La suprématie de Delta
Mais si tous ces nouveaux variants sont surveillés avec attention, aucun ne semble capable pour le moment de remettre en cause la suprématie du variant Delta. Il représente aujourd’hui plus de 93% des cas de Covid-19 dans le monde. En France, le chiffre monte à 98%, alors que Delta y était invisible il y a quatre mois.
À tel point qu’il éclipse petit à petit les précédents variants plus contagieux que la souche originelle du coronavirus, Alpha, Beta et Gamma. Et la même chose semble en train de se produire avec Mu et C.1.2, comme le rappellent plusieurs chercheurs.
De mars à mi-juillet, le variant Mu se répandait petit à petit, jusqu’à représenter 0,6% des génomes séquencés dans le monde.

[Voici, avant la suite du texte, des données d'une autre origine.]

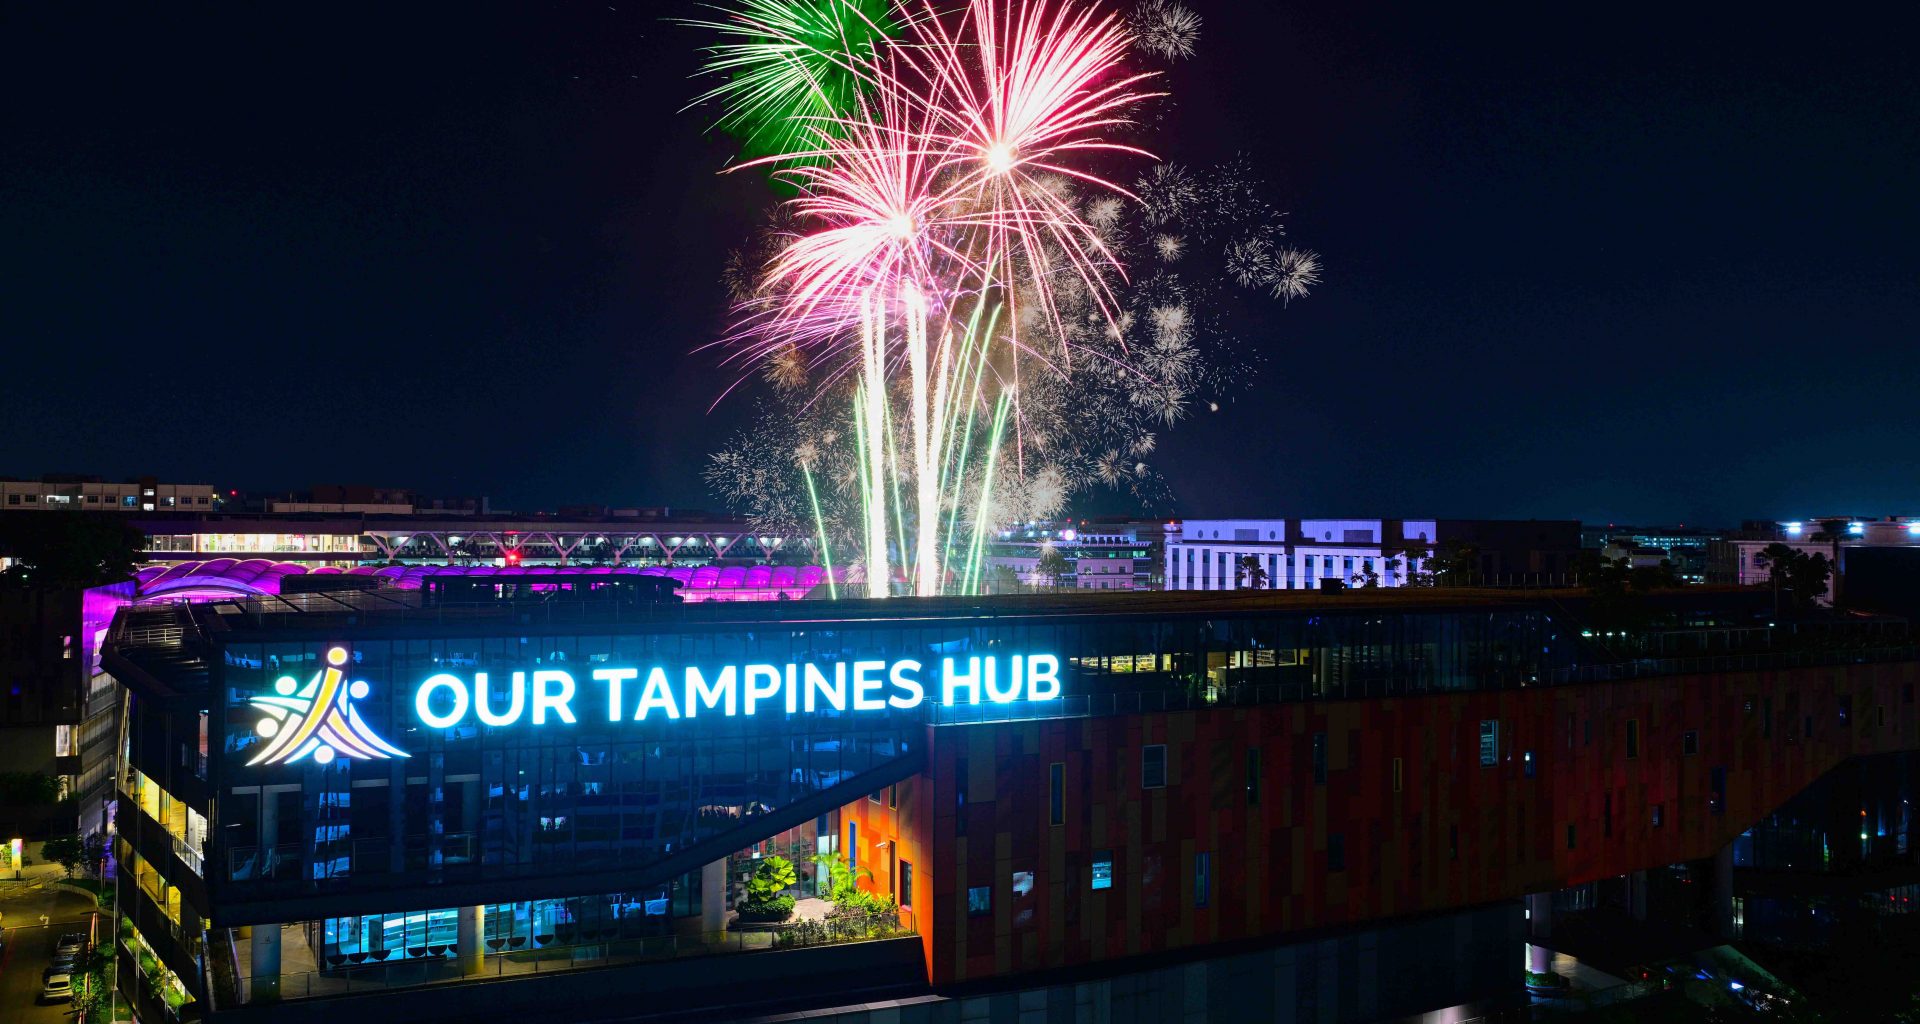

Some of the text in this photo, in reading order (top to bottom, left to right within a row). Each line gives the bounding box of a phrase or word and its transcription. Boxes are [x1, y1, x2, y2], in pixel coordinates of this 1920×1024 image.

Mais depuis, il est en chute libre, rappelle le généticien Eric Topol.
Pourquoi ? Le graphique ci-dessous, réalisé par le professeur de biostatistique Tom Wenseleers, l’explique bien. Mu a été découvert en Colombie, où il s’est imposé doucement, depuis le début de l’année, jusqu’à représenter 75% des génomes de coronavirus séquencés dans le pays (c’est la courbe rouge). Et puis Delta, en violet, est arrivé.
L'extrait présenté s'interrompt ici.